____ Records for processing

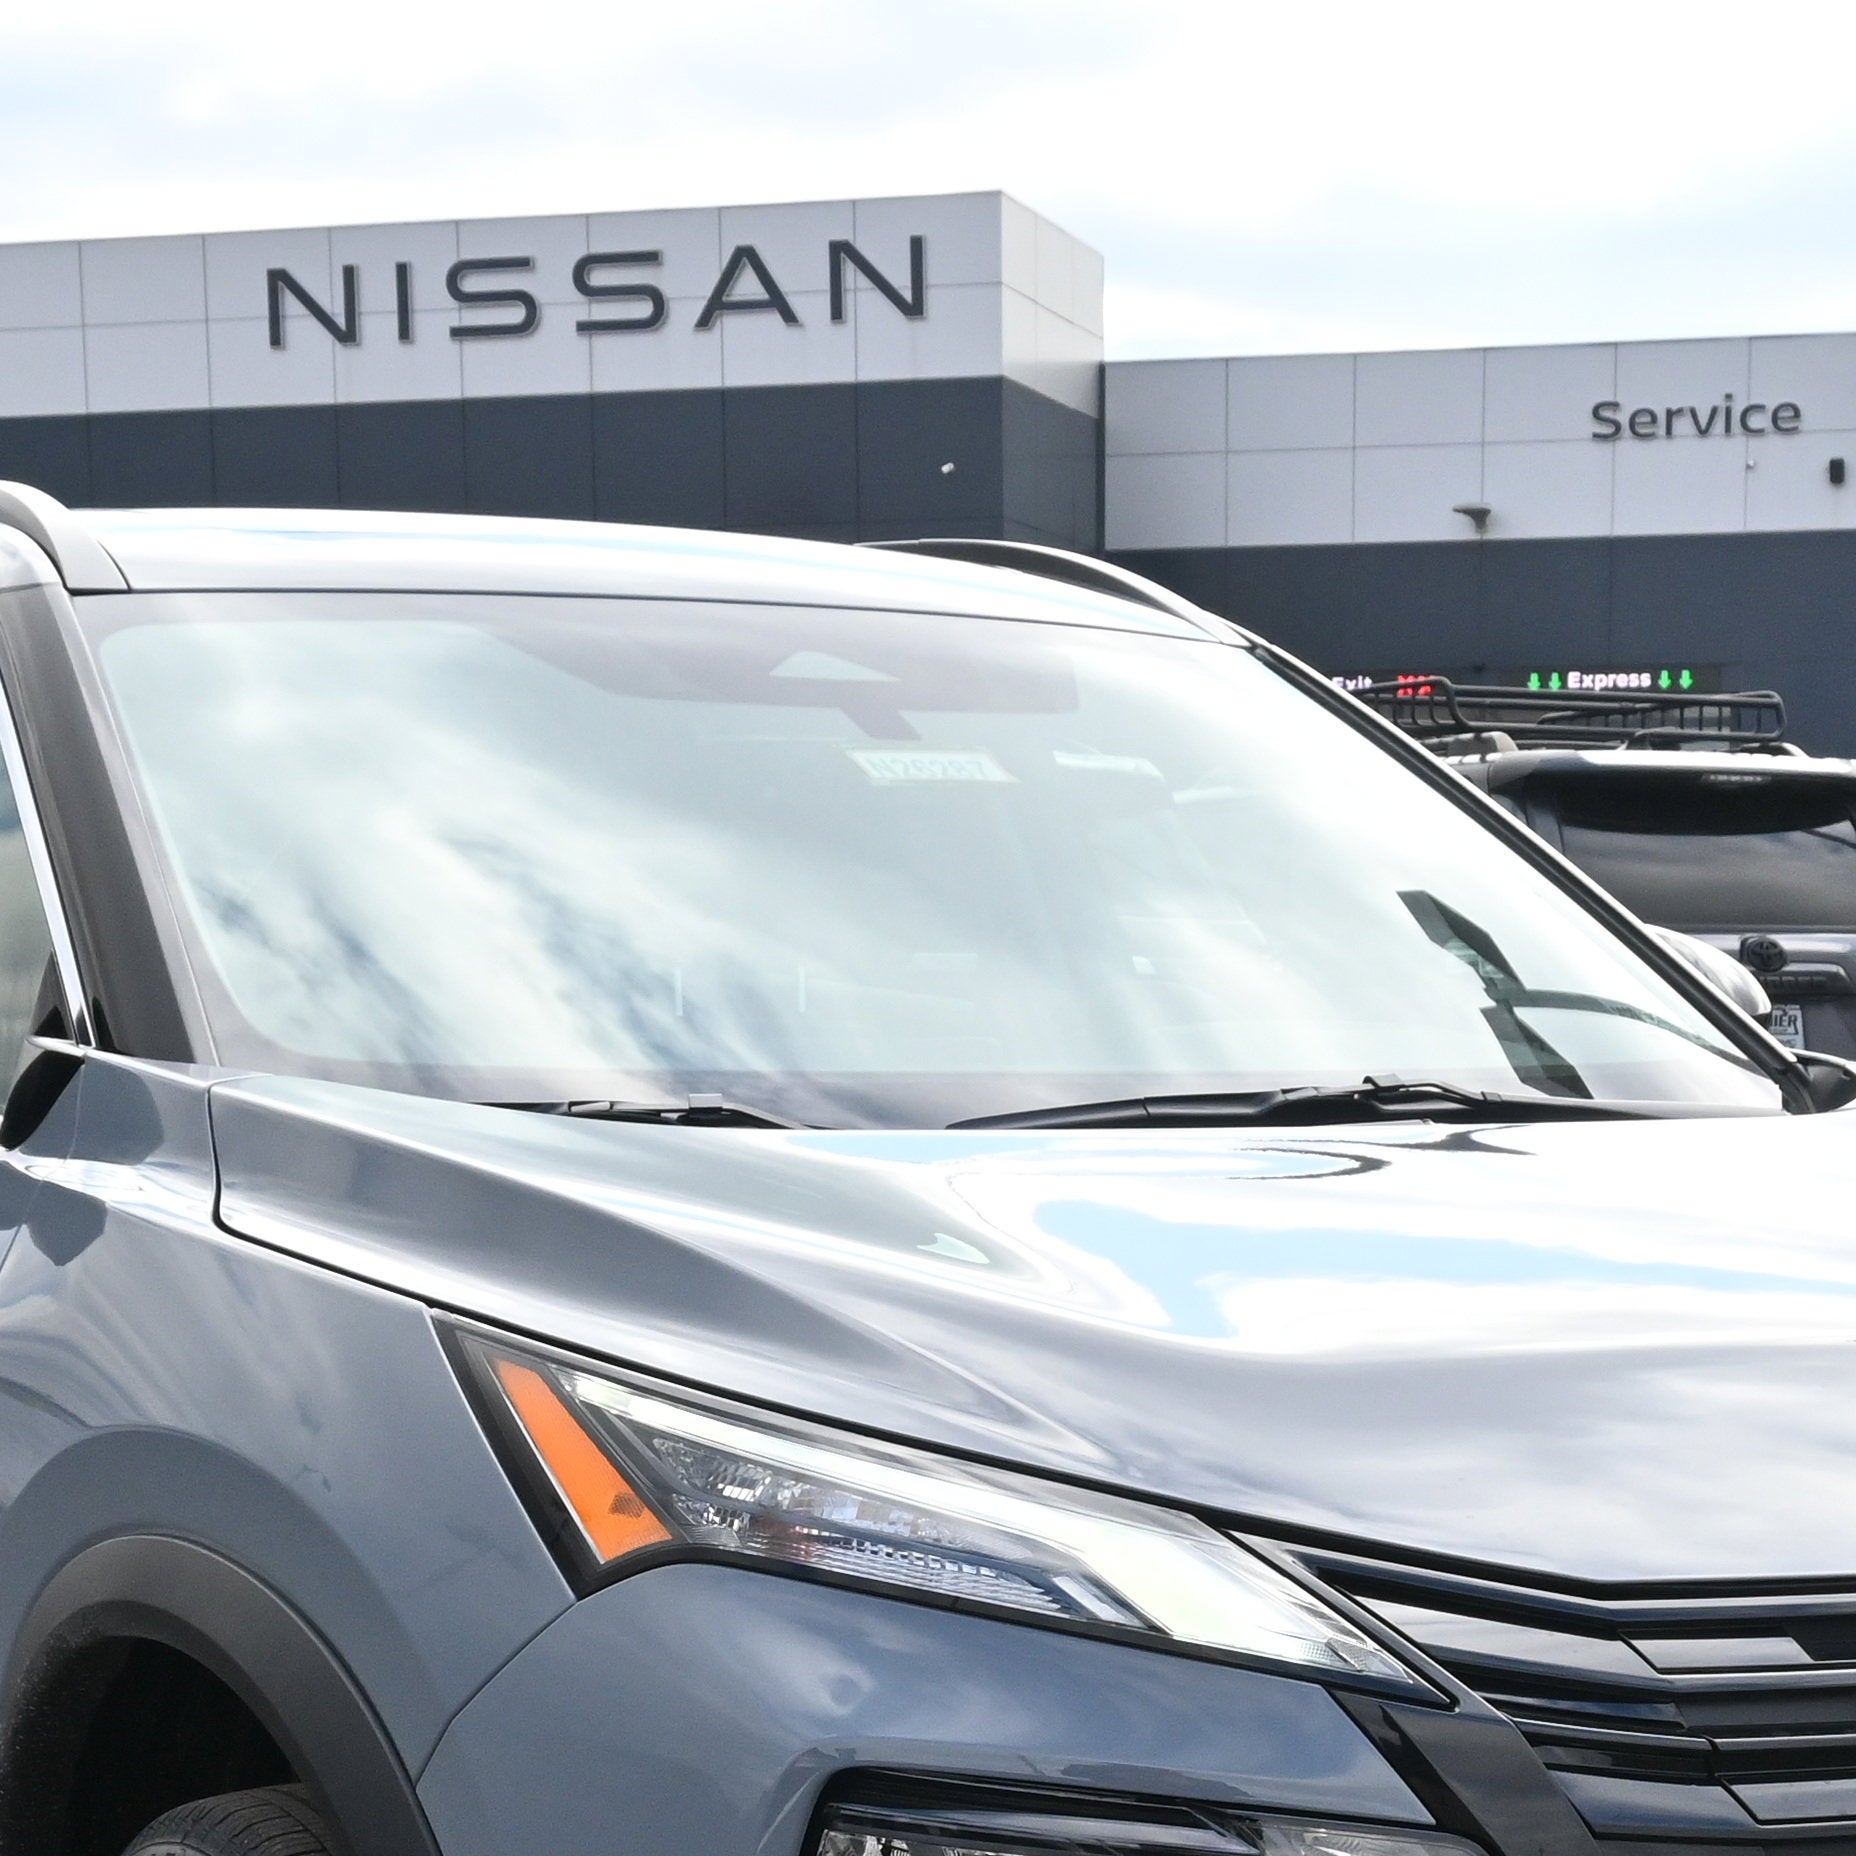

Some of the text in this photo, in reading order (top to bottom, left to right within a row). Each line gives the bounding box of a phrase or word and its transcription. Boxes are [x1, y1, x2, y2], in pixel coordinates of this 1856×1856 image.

[266, 234, 927, 350] NISSAN
[1591, 392, 1802, 440] Service
[1566, 671, 1652, 692] Express
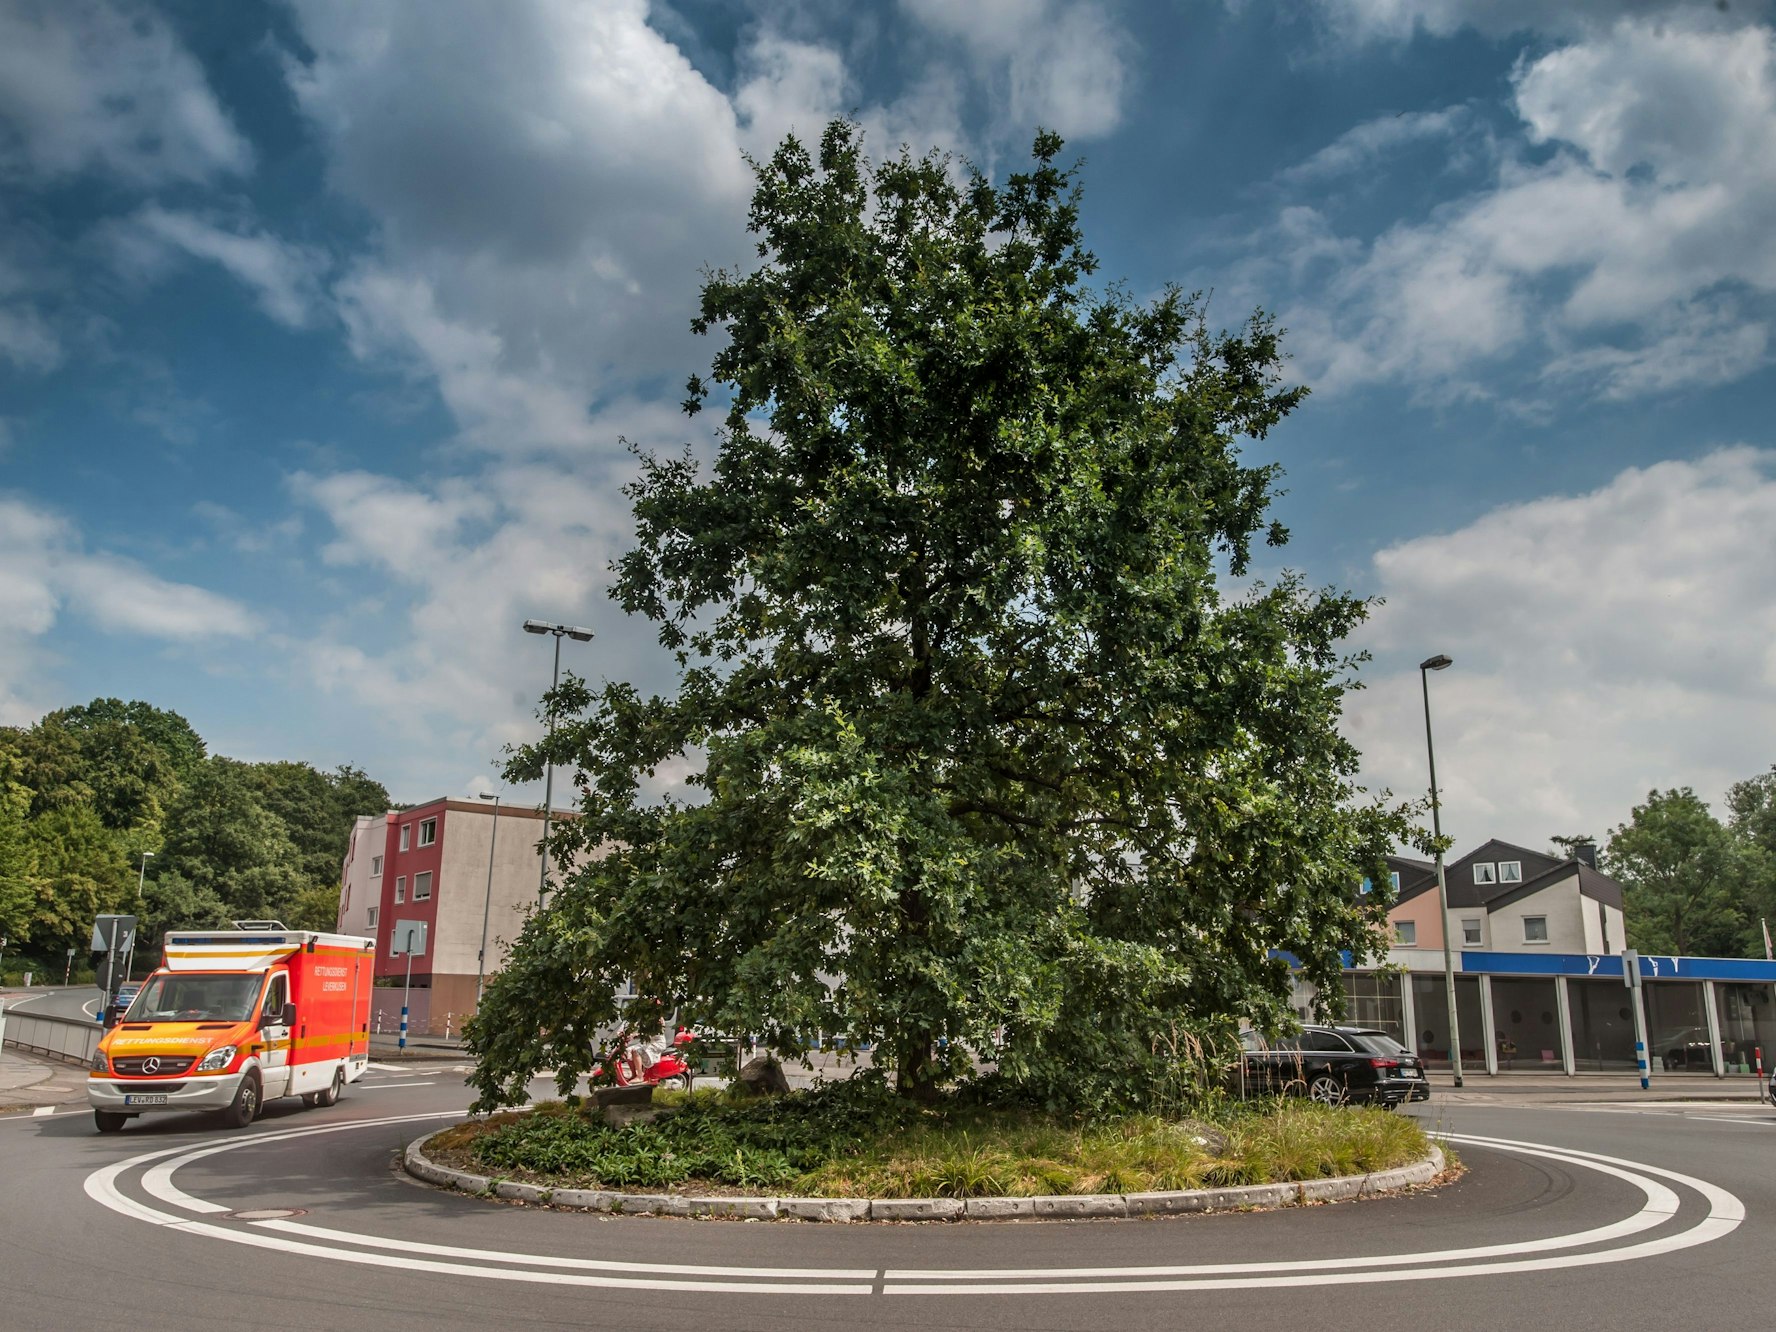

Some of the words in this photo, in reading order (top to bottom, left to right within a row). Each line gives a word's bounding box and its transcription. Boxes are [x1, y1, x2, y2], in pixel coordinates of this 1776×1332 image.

[314, 966, 347, 976] RETTUNGSDIENST
[323, 982, 346, 991] LEVERKUSEN
[112, 1037, 214, 1045] RETTUNGSDIENST
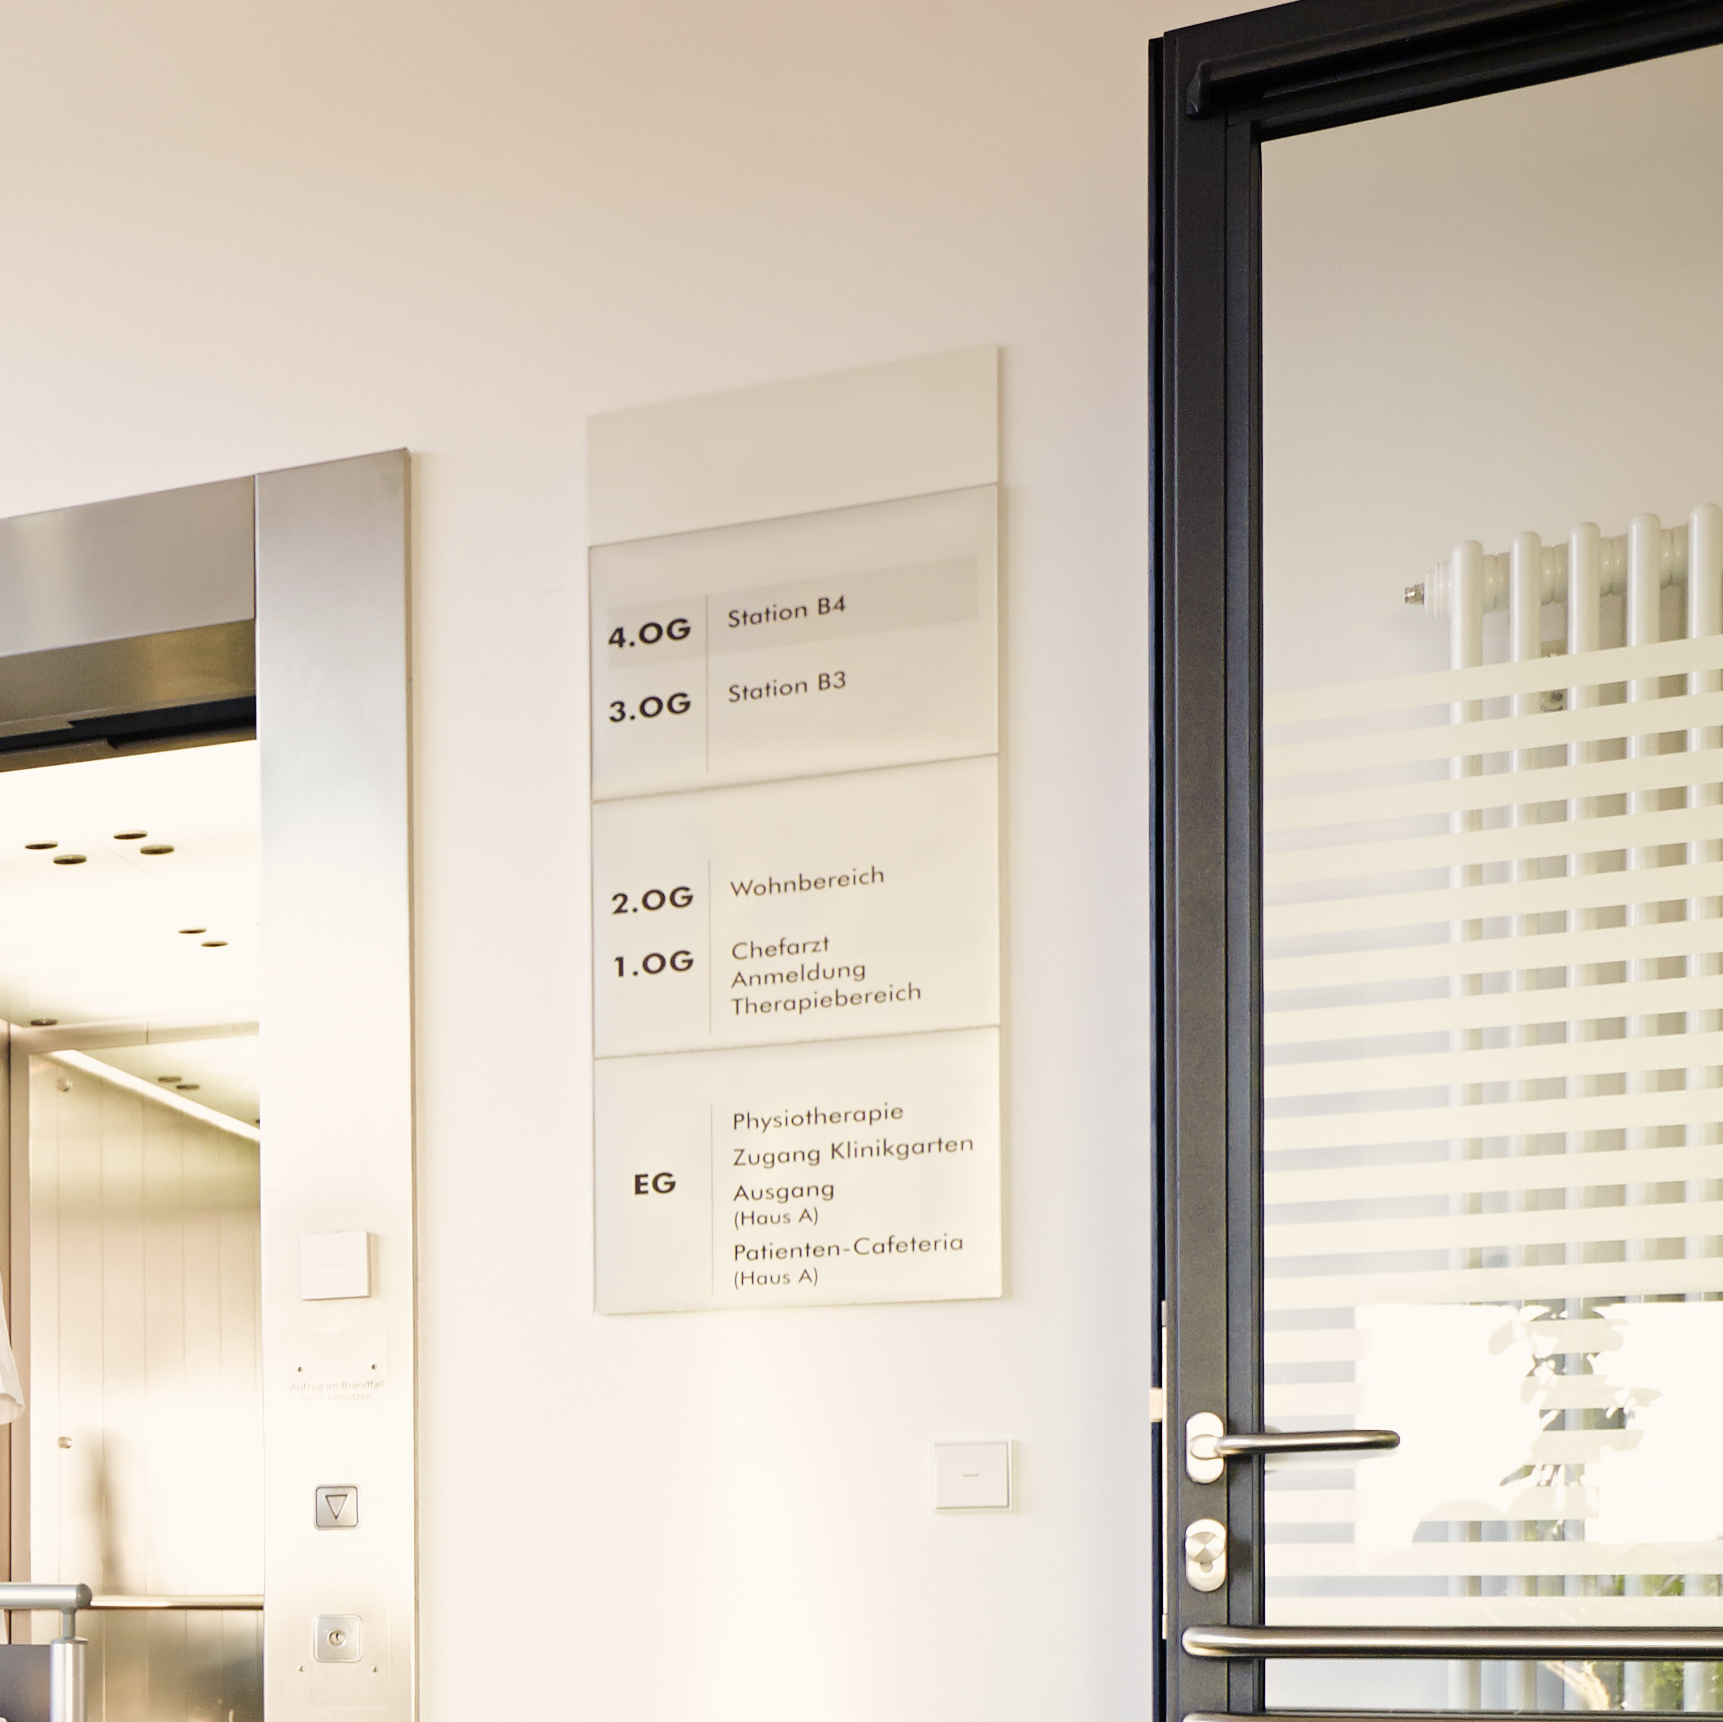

________

Work required: Everything from the line with "Some of the words" through the last line above should be reproduced exactly, both ends included; pictures must be omitted.

Written answer:
Some of the words in this photo, in reading order (top to bottom, left to right within a row). Each line gives a word's bounding box and its transcription. Boxes are [x1, y1, x2, y2], in pixel coordinates of this 1776×1332 image.

[314, 966, 347, 976] RETTUNGSDIENST
[323, 982, 346, 991] LEVERKUSEN
[112, 1037, 214, 1045] RETTUNGSDIENST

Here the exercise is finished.